To say that it is a dig at the Gen X versus hipster culture is only part of the picture, though it serves a great comic premise for what is essentially about coming to terms and staying true to oneself. The humour of the film itself is entrenched in Baumbach’s sharply observant play out of the psyche and behaviour of the two different generations and the resultant envy.

Working with Ben Stiller once again after 2011’s Greenberg, where he also played a dissatisfied middle-aged man, Baumbach casts Stiller and Naomi Watts as Josh and Cornelia, a childless couple in their early 40s, who are happily married but also stuck in the typical rut of routine. Josh in particular is a documentary filmmaker who spent the last 10 years working on one project.

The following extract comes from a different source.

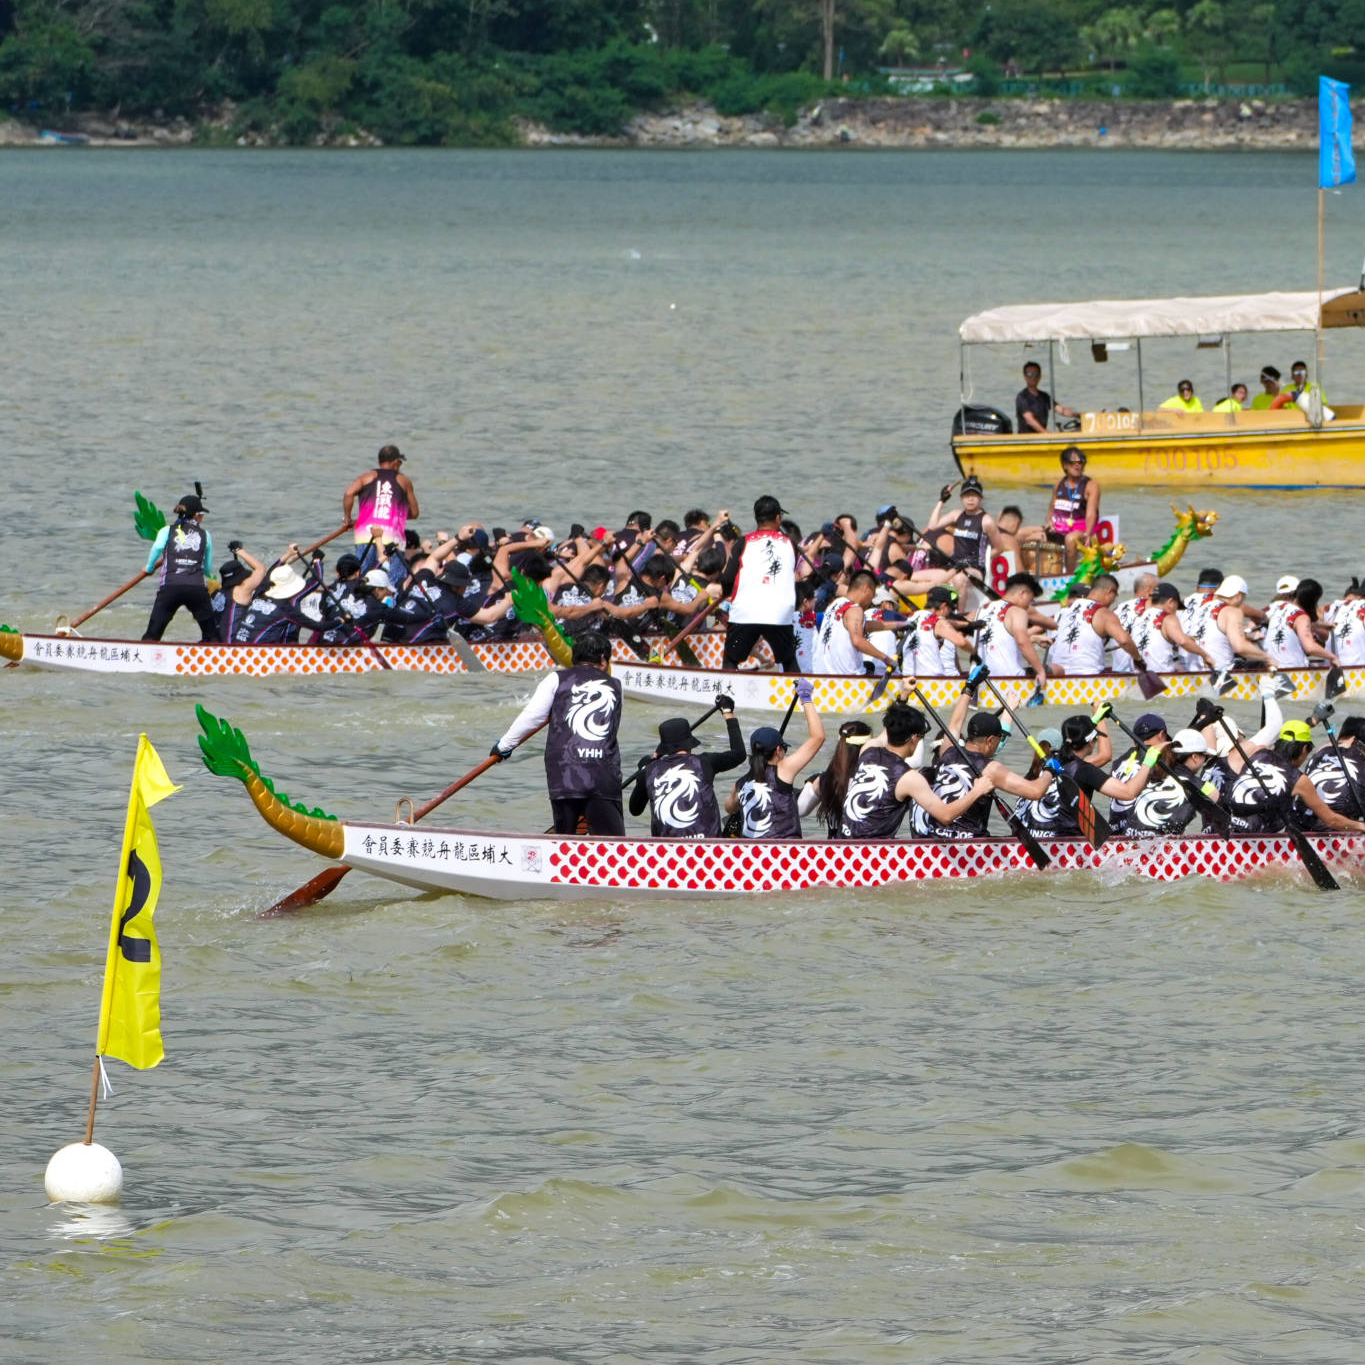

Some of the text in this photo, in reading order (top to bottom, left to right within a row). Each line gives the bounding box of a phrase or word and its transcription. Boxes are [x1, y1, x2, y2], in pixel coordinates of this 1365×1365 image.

[1139, 445, 1239, 473] 700105
[991, 555, 1009, 597] 8
[577, 747, 603, 758] YHH
[117, 848, 151, 963] 2

They meet a young filmmaker, Jamie (Adam Driver) and his wife Darby (Amanda Seyfried), who open up a new, refreshing world. From fedora hats to vinyl records and typewriters, an “ayahuasca” ritual and hip-hop dance classes, Josh and Cornelia begin to ditch their parenting friends and dive into the youthful and “energising” world of Bohemian hipsters. In one scene, Cornelia exclaims to her peers: “It’s like their apartment is filled with things we once threw out, but it looks so good the way they have it!”

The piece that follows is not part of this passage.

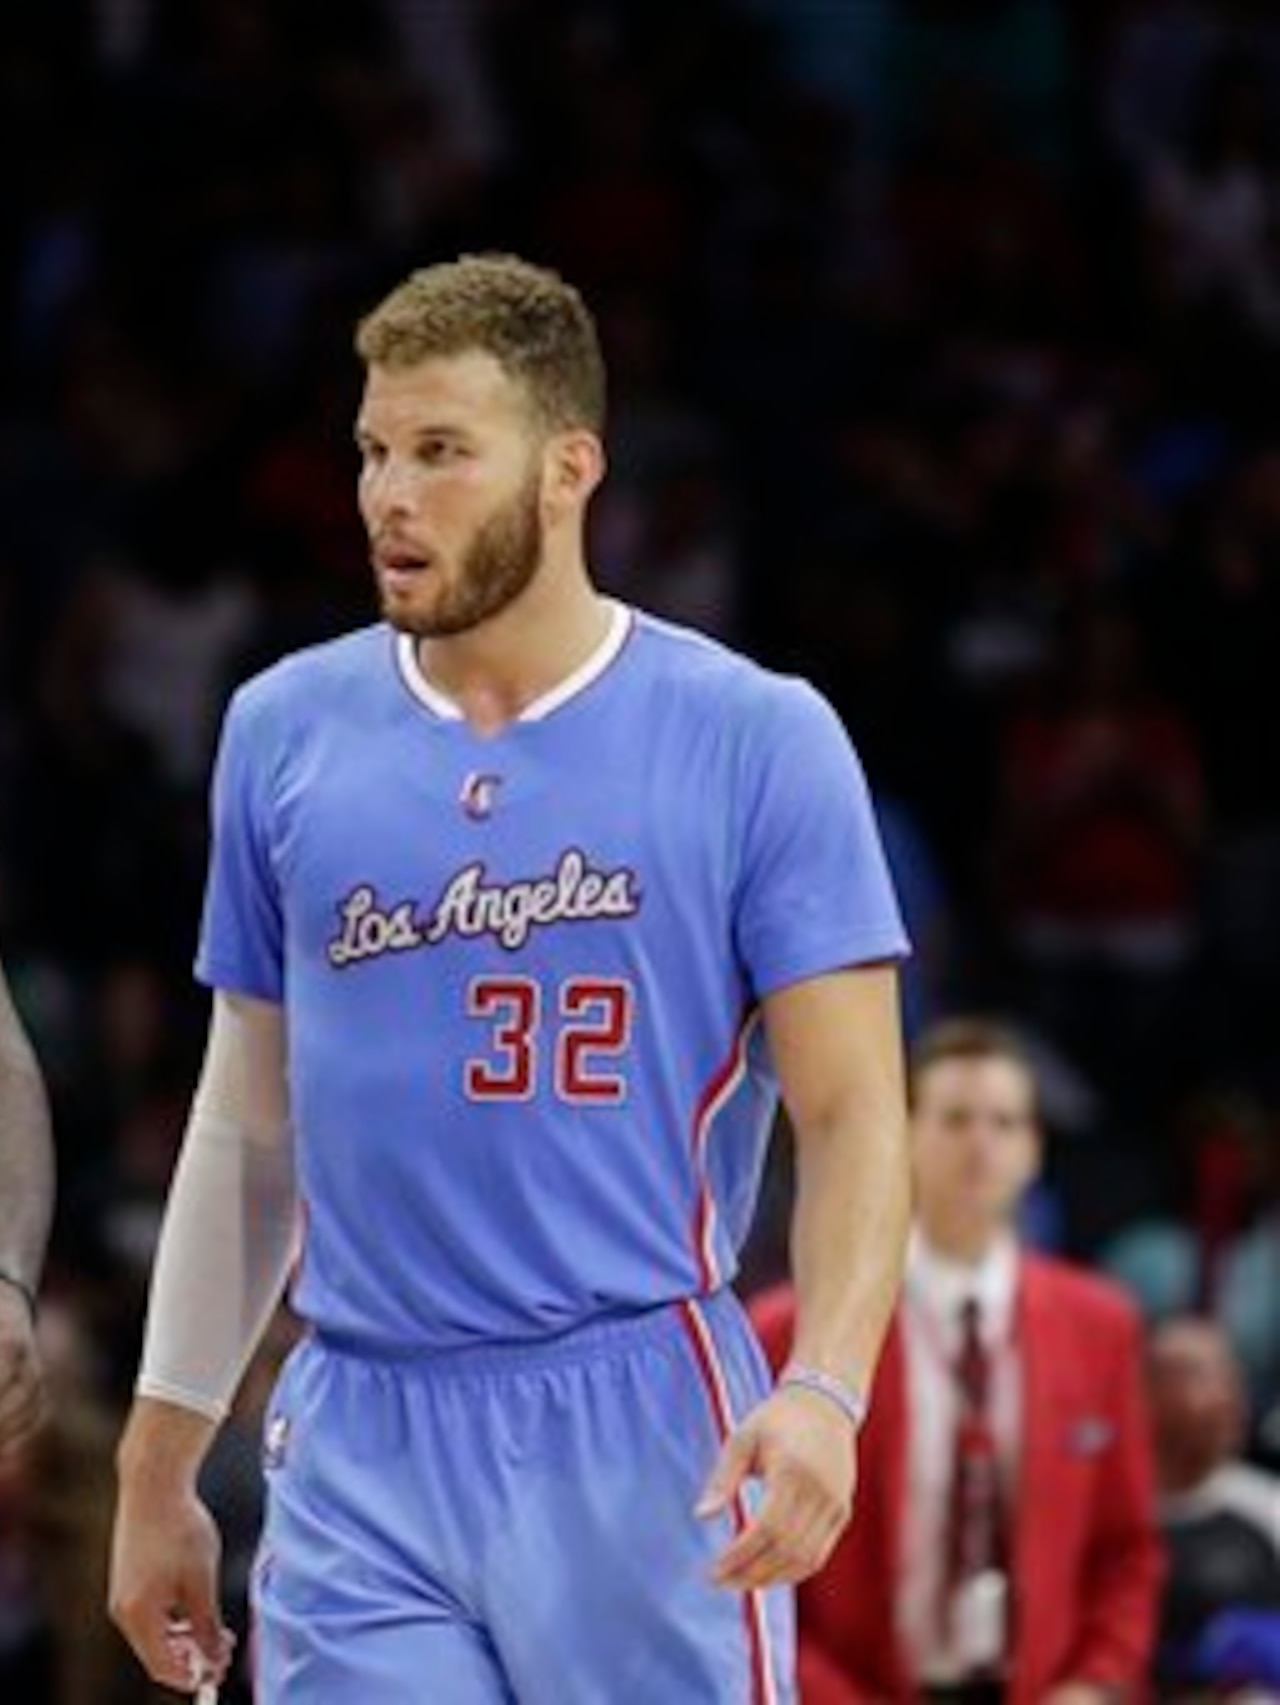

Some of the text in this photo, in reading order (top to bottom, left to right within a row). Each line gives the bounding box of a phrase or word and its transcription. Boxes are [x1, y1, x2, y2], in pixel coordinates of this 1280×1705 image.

[326, 847, 640, 969] Los Angeles
[463, 973, 633, 1104] 32

The film spends a lot of time seeing Josh fall more than just a little in love with the free-spirited Jamie, drawn to his laid-back vigour that holds the promise to achieve what has passed himself by. He painfully (to watch) and often funnily emulates his younger friend in a vain attempt to recover his “mojo”, vicariously trying to find that sense of satisfaction that had eluded him. Stiller delivers a convincingly subtle and vulnerable performance of a middle-aged man you cringe watching but can’t help feeling sorry for, his frustrated weariness reminiscent of a petulant man-child. This is contrasted well by Driver’s wide-eyed louche Jamie, who for every reason should be likeable, but successfully comes across annoying at best and downright hateable at worst.

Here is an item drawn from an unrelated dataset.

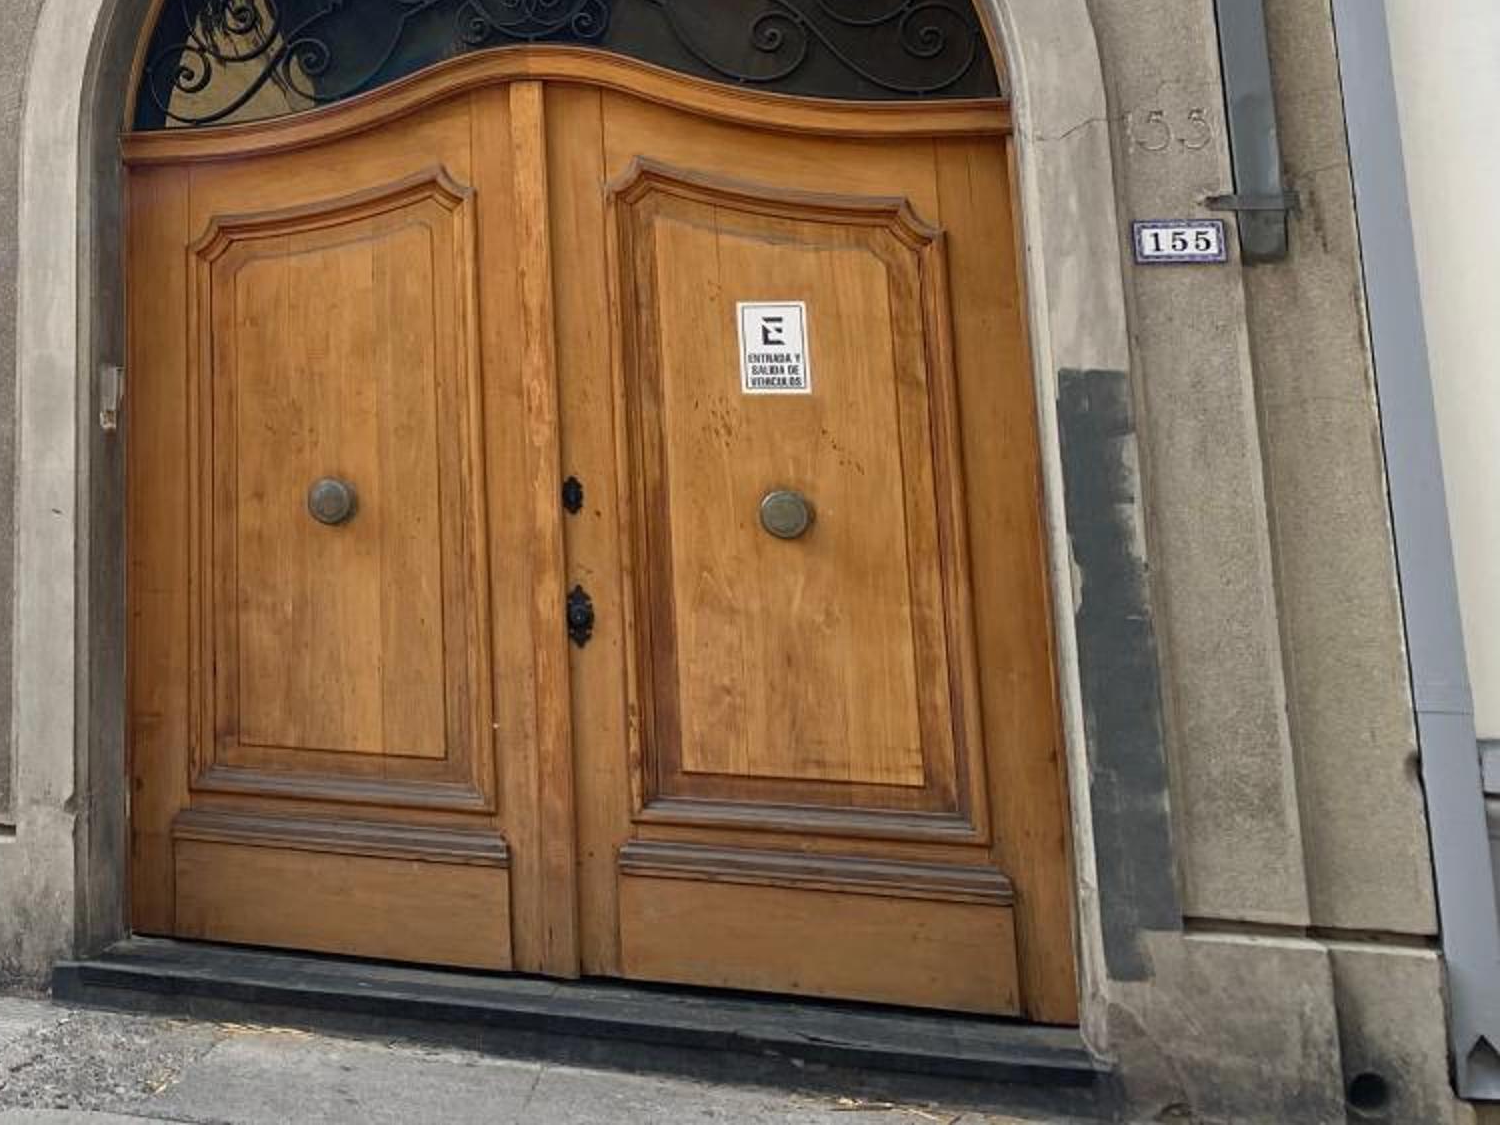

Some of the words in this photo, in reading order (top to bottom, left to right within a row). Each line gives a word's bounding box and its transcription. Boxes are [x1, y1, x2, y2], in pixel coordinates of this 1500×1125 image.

Seyfried’s Darby and Watts’ Cornelia serve as the competent second fiddles in this film, the latter proving a delightful watch as the worn-down 43-year old that finds her second spark. Watts’ strength in emotional roles brings a realistic dimension to Cornelia’s hip-hop dancing, hallucinogen-taking spiral in trying to escape her own childless rut.

Baumbach excels in taking us along Josh’s gradual undoing, building up to a cringe-worthy yet sadistically satisfying watch as this couple surrender themselves to the fantasy and rush of their new world, then realises all is not what it seems.

It is that ability that elevates Baumbach’s newest work beyond just witty sound bites and at times trite comparisons of the tech-loving Gen X to the hipsters’ love for all things retro, tongue-in-cheek as it may be.

The story itself is engaging to the end, as it is revealed that Jamie and Darby are not who they seem to be. However, there are at times too many things going on in the film, some of which are unnecessary and distracting from the main story. The ayahuasca ritual scene, for example, ventures into a rather over-the-top territory, where the mixed-up identity and accidental kissing also come across as contrived.

But the ending of While We’re Young is what pulls it all together, a sublime scene that sees Josh and Cornelia have a quiet moment with a bottle of Jim Beam. There is no grand redemption, or even the satisfaction of justice, but in the quiet revelation of his characters, as Josh says, “for the first time in my life, I have stopped thinking of myself as a child pretending to be an adult”, Baumbach ends on an authentic note.  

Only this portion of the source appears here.